▸ **TASK PROMPT**: Restate the records below word for word, and omit the images they hold.

Records from a collection
------------------------------------------------

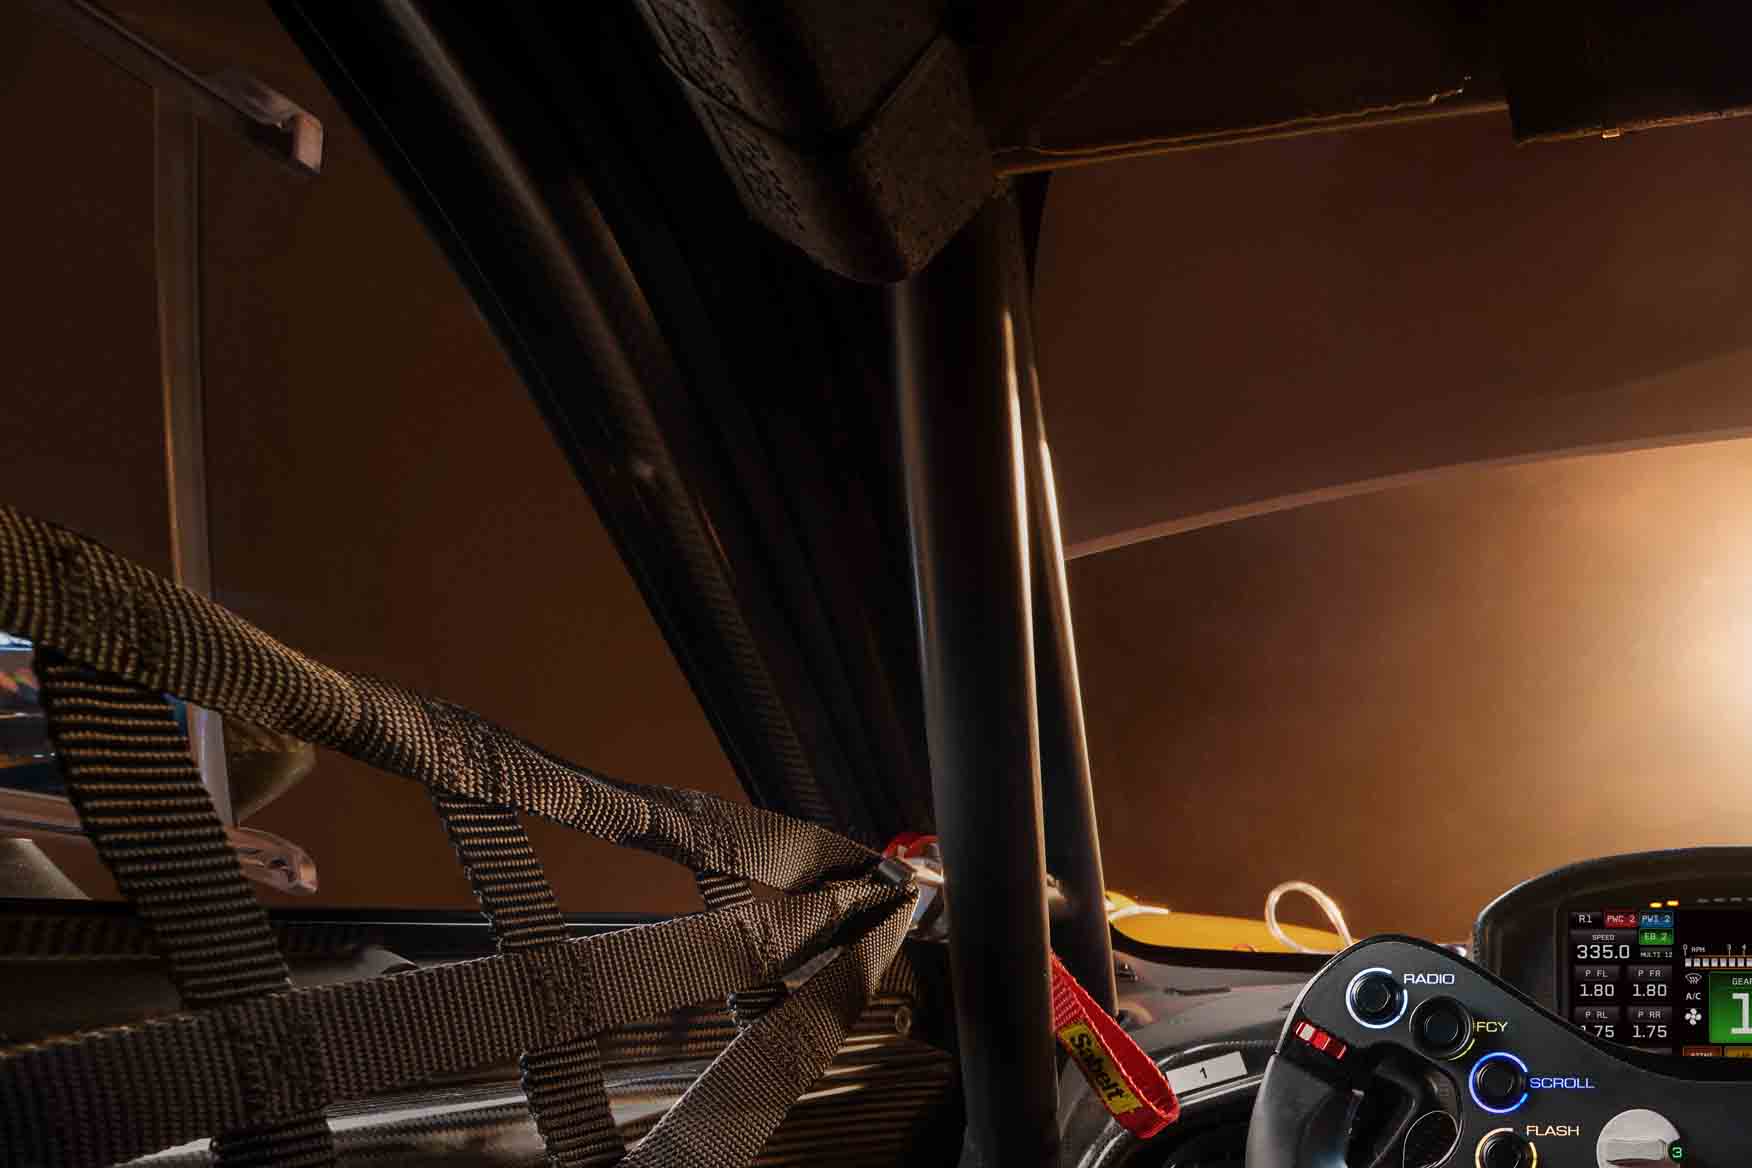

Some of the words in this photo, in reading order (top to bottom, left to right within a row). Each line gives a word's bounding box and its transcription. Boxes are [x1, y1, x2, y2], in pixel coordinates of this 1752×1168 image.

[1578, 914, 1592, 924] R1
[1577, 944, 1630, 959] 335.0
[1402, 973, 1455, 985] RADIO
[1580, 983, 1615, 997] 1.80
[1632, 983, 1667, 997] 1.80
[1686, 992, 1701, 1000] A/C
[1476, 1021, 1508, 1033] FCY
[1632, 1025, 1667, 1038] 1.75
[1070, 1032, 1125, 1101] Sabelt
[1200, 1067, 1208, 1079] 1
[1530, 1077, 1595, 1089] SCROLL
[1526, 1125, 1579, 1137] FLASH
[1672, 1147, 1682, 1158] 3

------------------------------------------------

▸ **SOLUTION TO THIS TASK**:
Some of the words in this photo, in reading order (top to bottom, left to right within a row). Each line gives a word's bounding box and its transcription. Boxes are [x1, y1, x2, y2], in pixel coordinates of this 1752×1168 image.

[1578, 914, 1592, 924] R1
[1577, 944, 1630, 959] 335.0
[1402, 973, 1455, 985] RADIO
[1580, 983, 1615, 997] 1.80
[1632, 983, 1667, 997] 1.80
[1686, 992, 1701, 1000] A/C
[1476, 1021, 1508, 1033] FCY
[1632, 1025, 1667, 1038] 1.75
[1070, 1032, 1125, 1101] Sabelt
[1200, 1067, 1208, 1079] 1
[1530, 1077, 1595, 1089] SCROLL
[1526, 1125, 1579, 1137] FLASH
[1672, 1147, 1682, 1158] 3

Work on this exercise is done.